Sure enough, he was as easygoing as ever. Slightly balder, slightly chunkier, but still definitely the same person he had always been.

"It's all I have left," he announced, gesturing around him. "She got my house in Big Bear and my Hummer." He grinned. "So how goes it with you?"

We went inside to talk. The interior was far more upscale than the exterior, and I had the feeling his ex-wife had been the guiding light behind the decorating. I was not surprised when he ignored the chairs and couch and sat down on the floor next to a compact stereo unit half hidden behind an antique table, and turned on the radio. I was also not surprised that it was tuned to a station that referred to twenty-year-old new-wave songs as "modern rock."

He asked why I was in town and where I lived now, and I immediately set him straight. I explained that I lived in Brea and my wife had recently left me, but did not elaborate, saying that it was still too painful to talk about. "It wasn't anything bad," I assured him. "There was no abuse or anything—"

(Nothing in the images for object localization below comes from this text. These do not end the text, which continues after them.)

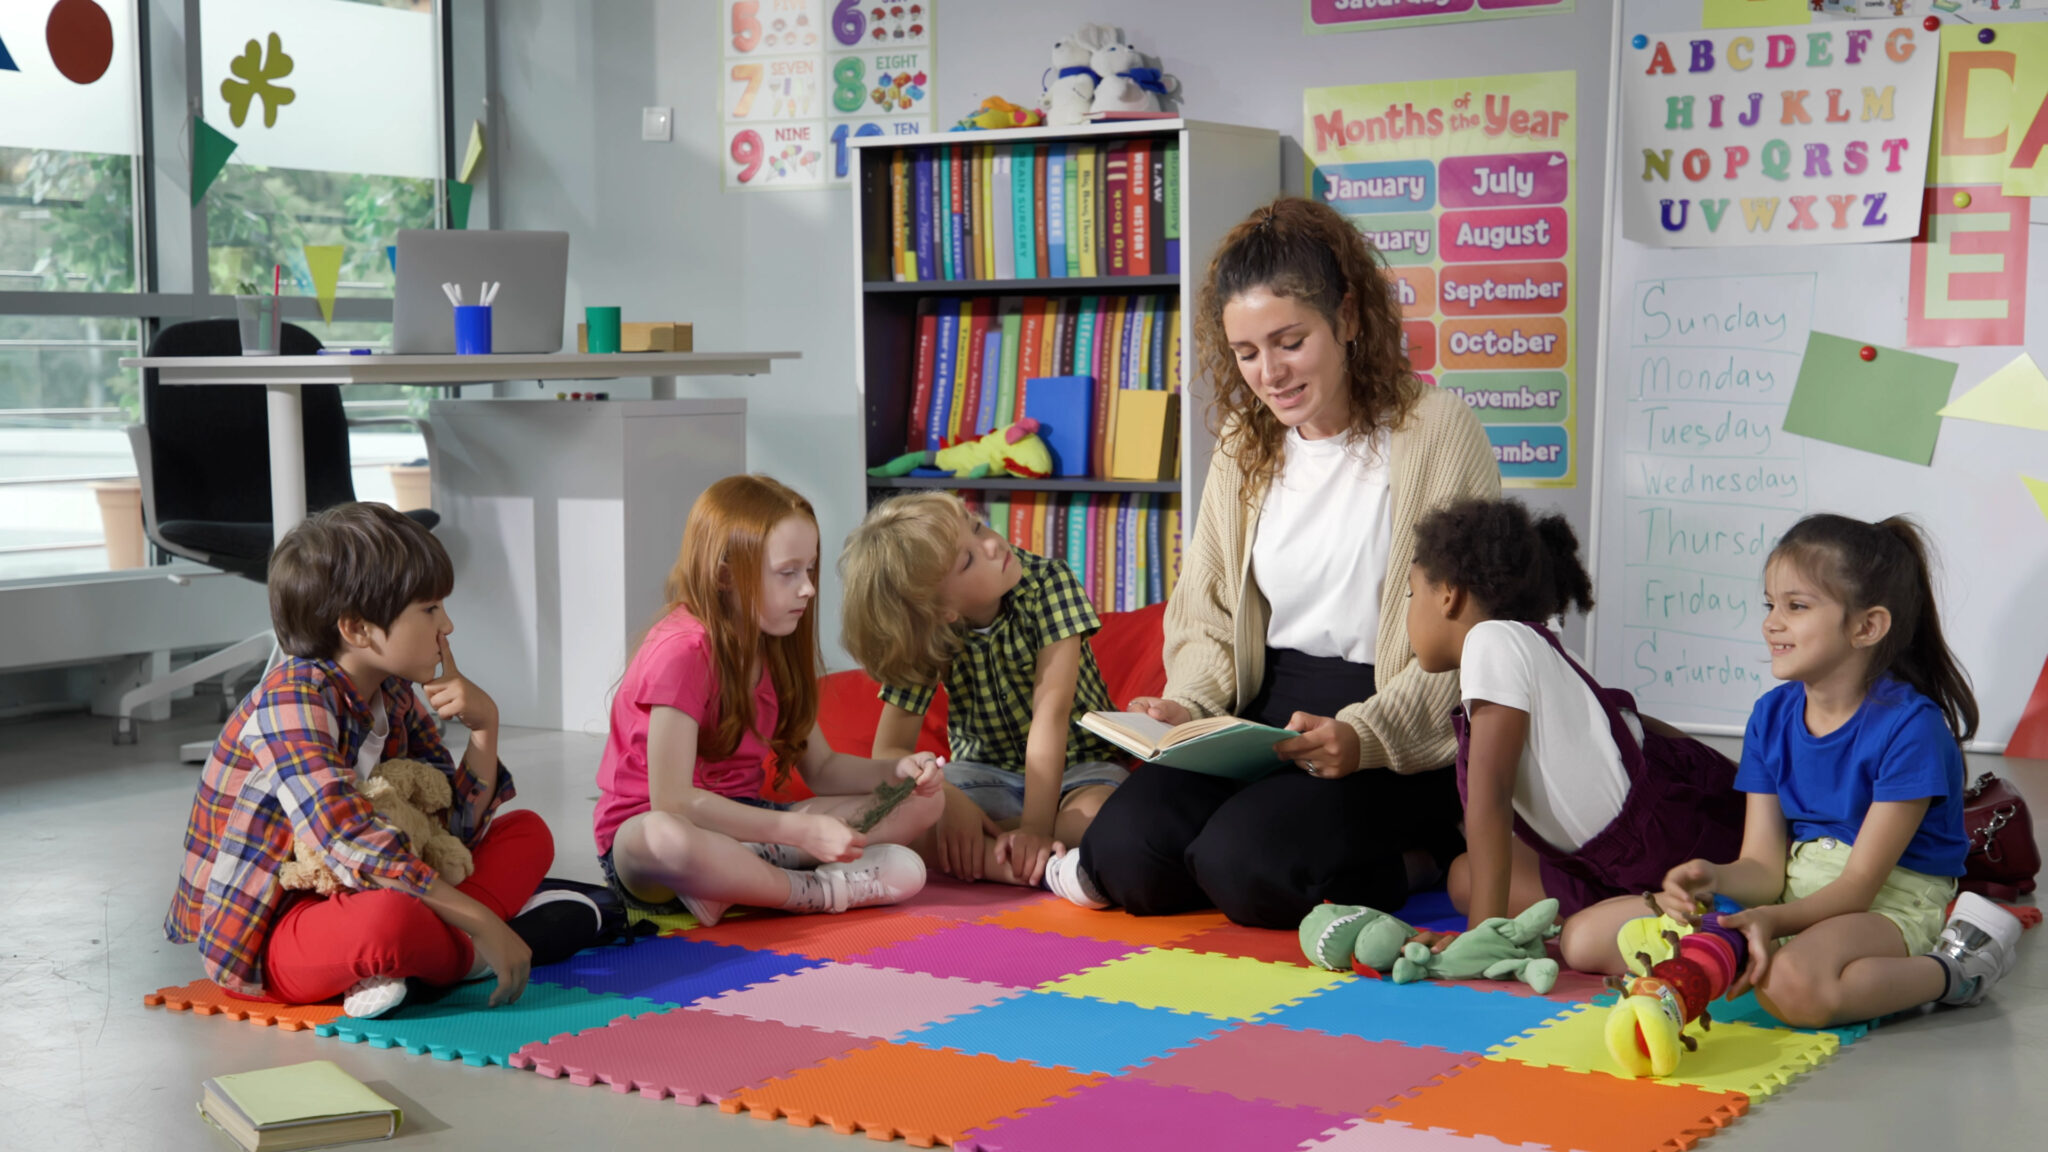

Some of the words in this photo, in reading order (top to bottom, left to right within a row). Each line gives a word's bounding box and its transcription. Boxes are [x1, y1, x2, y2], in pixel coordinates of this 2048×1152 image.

[732, 0, 762, 53] 5
[832, 0, 866, 46] 6
[771, 61, 814, 76] SEVEN
[876, 55, 919, 70] EIGHT
[731, 63, 764, 118] 7
[832, 56, 868, 113] 8
[1453, 91, 1472, 110] of
[775, 127, 811, 142] NINE
[893, 122, 920, 136] TEN
[1312, 102, 1446, 152] Months
[1450, 112, 1482, 133] the
[1483, 93, 1570, 139] Year
[730, 129, 764, 183] 9
[1133, 152, 1144, 195] WORLD
[1051, 164, 1062, 237] MEDICINE
[1154, 163, 1162, 203] LAW
[1324, 174, 1426, 200] January
[1471, 165, 1535, 198] July
[953, 215, 962, 275] POLITICS
[1018, 197, 1028, 258] SURGERY
[1133, 205, 1144, 260] HISTORY
[1362, 228, 1432, 255] ruary
[1455, 217, 1552, 250] August
[1924, 212, 2011, 319] E
[1443, 278, 1563, 309] September
[1642, 280, 1787, 344] Sunday
[972, 327, 983, 368] Vector
[1450, 329, 1558, 357] October
[940, 361, 948, 376] of
[1639, 356, 1774, 399] Monday
[931, 377, 948, 441] Relativity
[1491, 440, 1561, 464] ember
[1641, 406, 1772, 456] Tuesday
[1641, 463, 1799, 498] Wednesday
[1643, 577, 1748, 630] Friday
[1633, 631, 1763, 698] Saturday

"I know that," he told me. "I wouldn't have even thought it."

For the first time in I couldn't remember how long, I felt at ease, at home. Edson and I had drifted apart, we hadn't seen each other for two decades, but the reconnection was immediate. We'd known each other as kids, and that meant we each knew the real person beneath our false adult appearances. There was a shorthand we had together, a comfort level that only real intimacy could bring.

I thought of the kinship I'd felt with the other Letter Writers, how excited I'd been at first to meet others of my kind.
This
was my kind, I realized. I was a human being first, a Letter Writer second.

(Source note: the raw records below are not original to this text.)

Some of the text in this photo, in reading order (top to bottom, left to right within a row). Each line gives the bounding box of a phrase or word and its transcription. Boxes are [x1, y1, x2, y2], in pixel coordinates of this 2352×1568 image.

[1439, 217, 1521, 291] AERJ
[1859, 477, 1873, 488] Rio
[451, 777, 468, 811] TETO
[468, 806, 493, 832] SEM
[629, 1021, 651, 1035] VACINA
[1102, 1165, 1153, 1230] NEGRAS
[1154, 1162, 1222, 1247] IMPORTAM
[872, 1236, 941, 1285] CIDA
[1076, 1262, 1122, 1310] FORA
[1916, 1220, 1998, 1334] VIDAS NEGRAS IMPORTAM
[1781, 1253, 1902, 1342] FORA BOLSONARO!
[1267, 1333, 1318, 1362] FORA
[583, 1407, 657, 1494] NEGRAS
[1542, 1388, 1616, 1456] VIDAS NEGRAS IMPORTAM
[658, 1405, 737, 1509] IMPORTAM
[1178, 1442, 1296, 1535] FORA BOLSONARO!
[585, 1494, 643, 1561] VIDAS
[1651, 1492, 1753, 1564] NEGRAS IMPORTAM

I'd had that backward for far too long.

I gave Edson a bowdlerized version of my recent past, letting him know that I'd been in a coma, that everything was now fine and I'd been given a clean bill of health, but that I'd been out for so long that my life had been pulled out from under me. I'd lost my job, my house had been sold, the proceeds had been used to pay off the bills that had accumulated in my absence, and I had no idea where my wife and son were. Last I'd heard, they were at her parents' house in Arizona, but that number was no longer working, and I couldn't find any trace of them.

"No shit?" he said.

"God's honest truth."

"You're living out a TV movie. Jesus Christ, I didn't know those kinds of things really happened. It's almost like hearing you got hit on the head with a coconut and got amnesia.

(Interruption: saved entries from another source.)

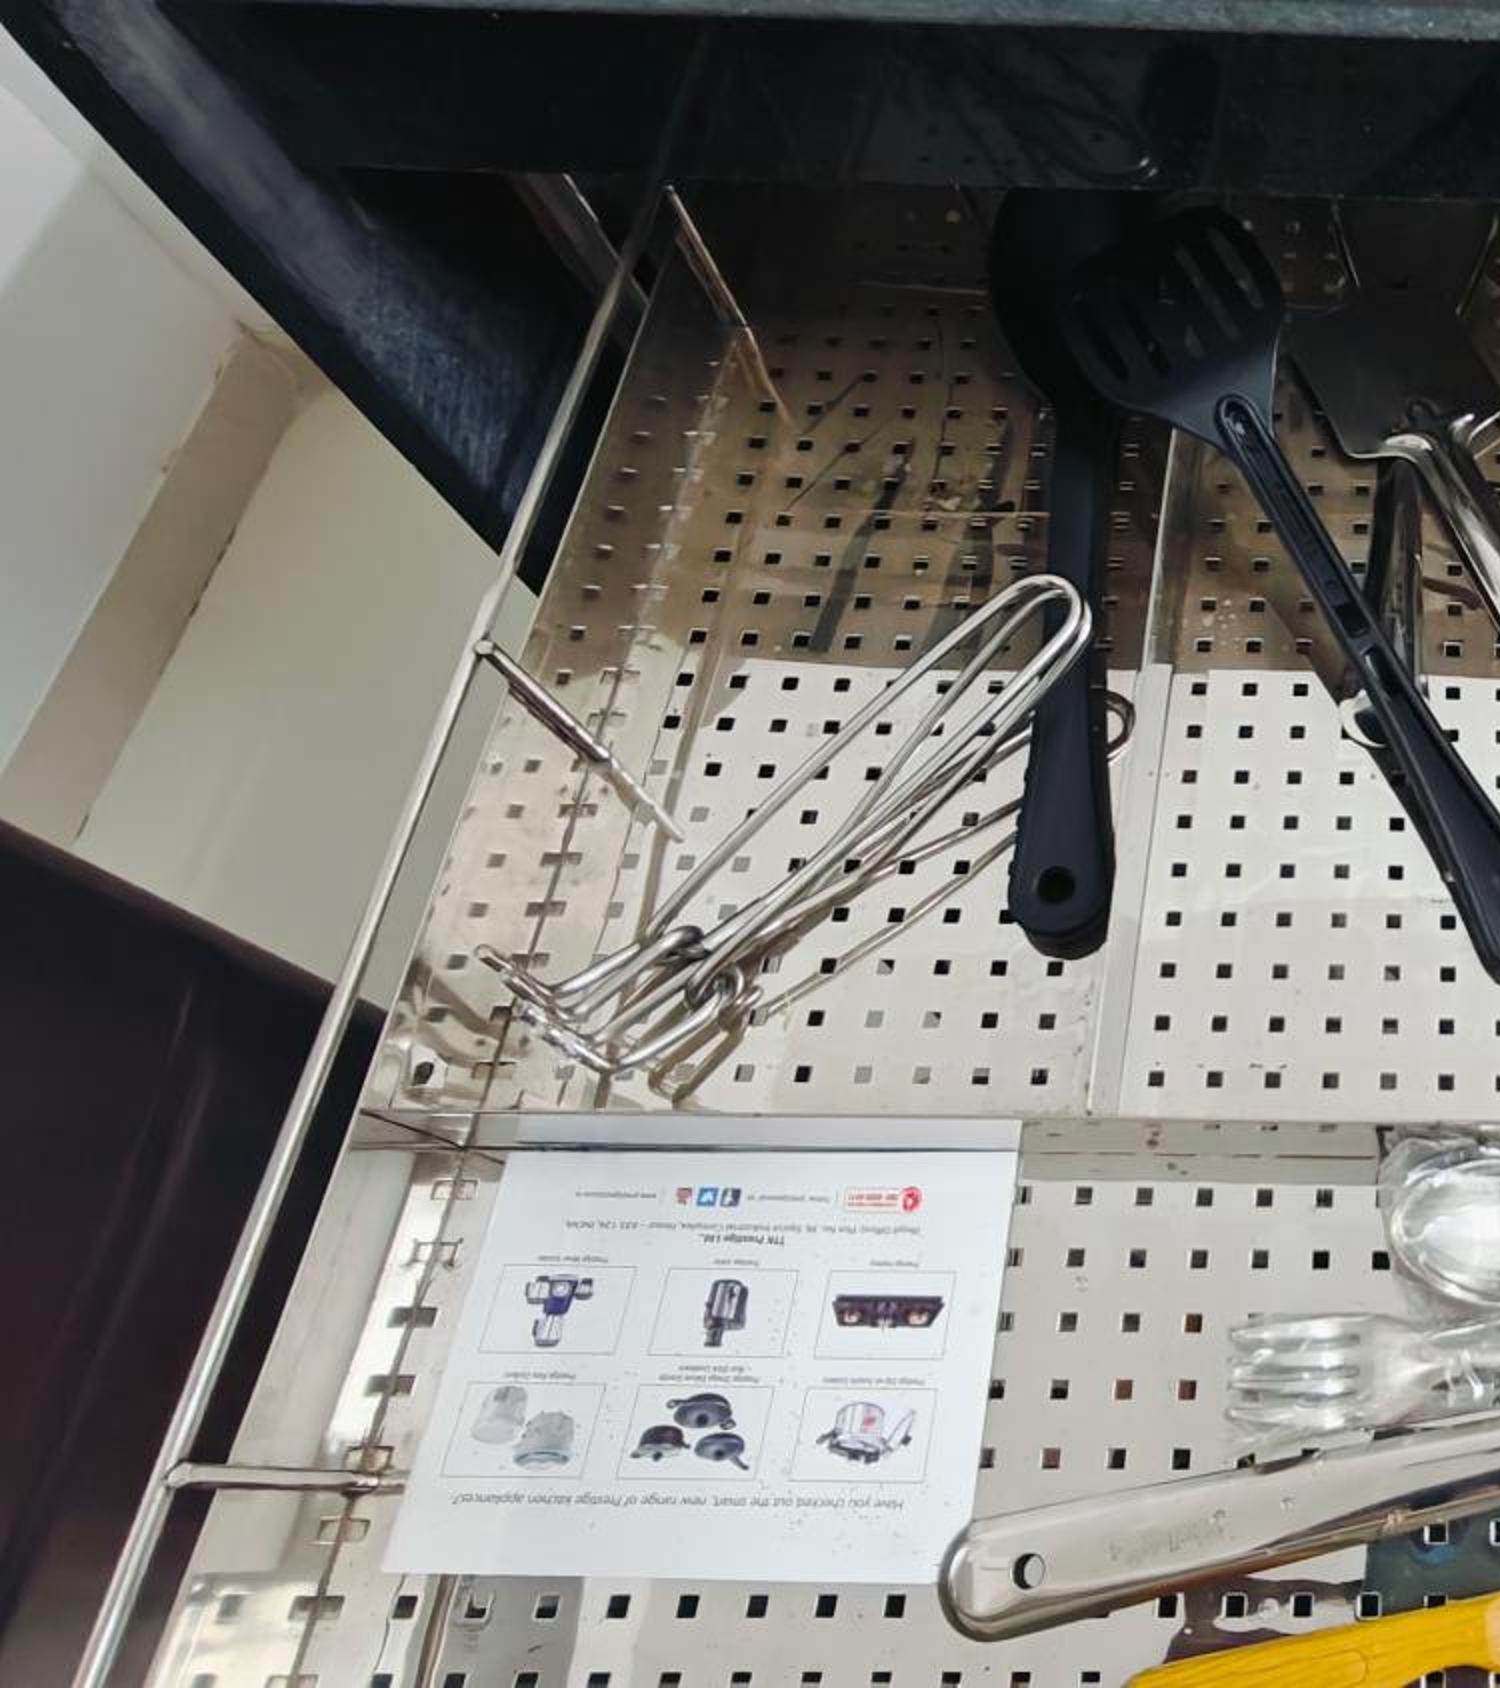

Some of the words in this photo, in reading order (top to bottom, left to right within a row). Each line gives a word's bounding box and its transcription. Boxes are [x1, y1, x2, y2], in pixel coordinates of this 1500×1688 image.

[723, 1233, 765, 1245] Prestige
[451, 1492, 525, 1505] appliances?
[528, 1495, 572, 1506] kitchen
[575, 1492, 622, 1507] Prestige
[622, 1496, 637, 1507] of
[640, 1493, 676, 1505] range
[680, 1497, 707, 1505] new
[750, 1497, 769, 1508] the
[773, 1497, 793, 1507] out
[796, 1497, 845, 1510] checked
[848, 1496, 872, 1507] you
[874, 1499, 904, 1510] Have

"Sorry," he said quickly. "Didn't mean to offend you or anything."

"It's cool," I told him.

He shook his head. "So ... what? You're, like, looking for them?"

"Yeah. With my used Volkswagen that I bought with what was left of my savings. From my headquarters at the beautiful no-tell motel."

"You gotta get out of there," Edson said. "Hey, I have a rental. In Costa Mesa. It's not much, but I'm between tenants right now, and if you'd like to stay there for a while, you're welcome to it."

"I couldn't—"

"You'll take it and you'll like it. It's yours until you get back on your feet. I mean, shit, a coma? And you can't find your family? You need a village, dude."

I looked away. I felt like crying. I didn't deserve such kind treatment. I thought of all that I'd done in my life, all the damage I'd caused, how far I'd strayed from the person Edson had known as a child, the person I'd wanted to grow up to be.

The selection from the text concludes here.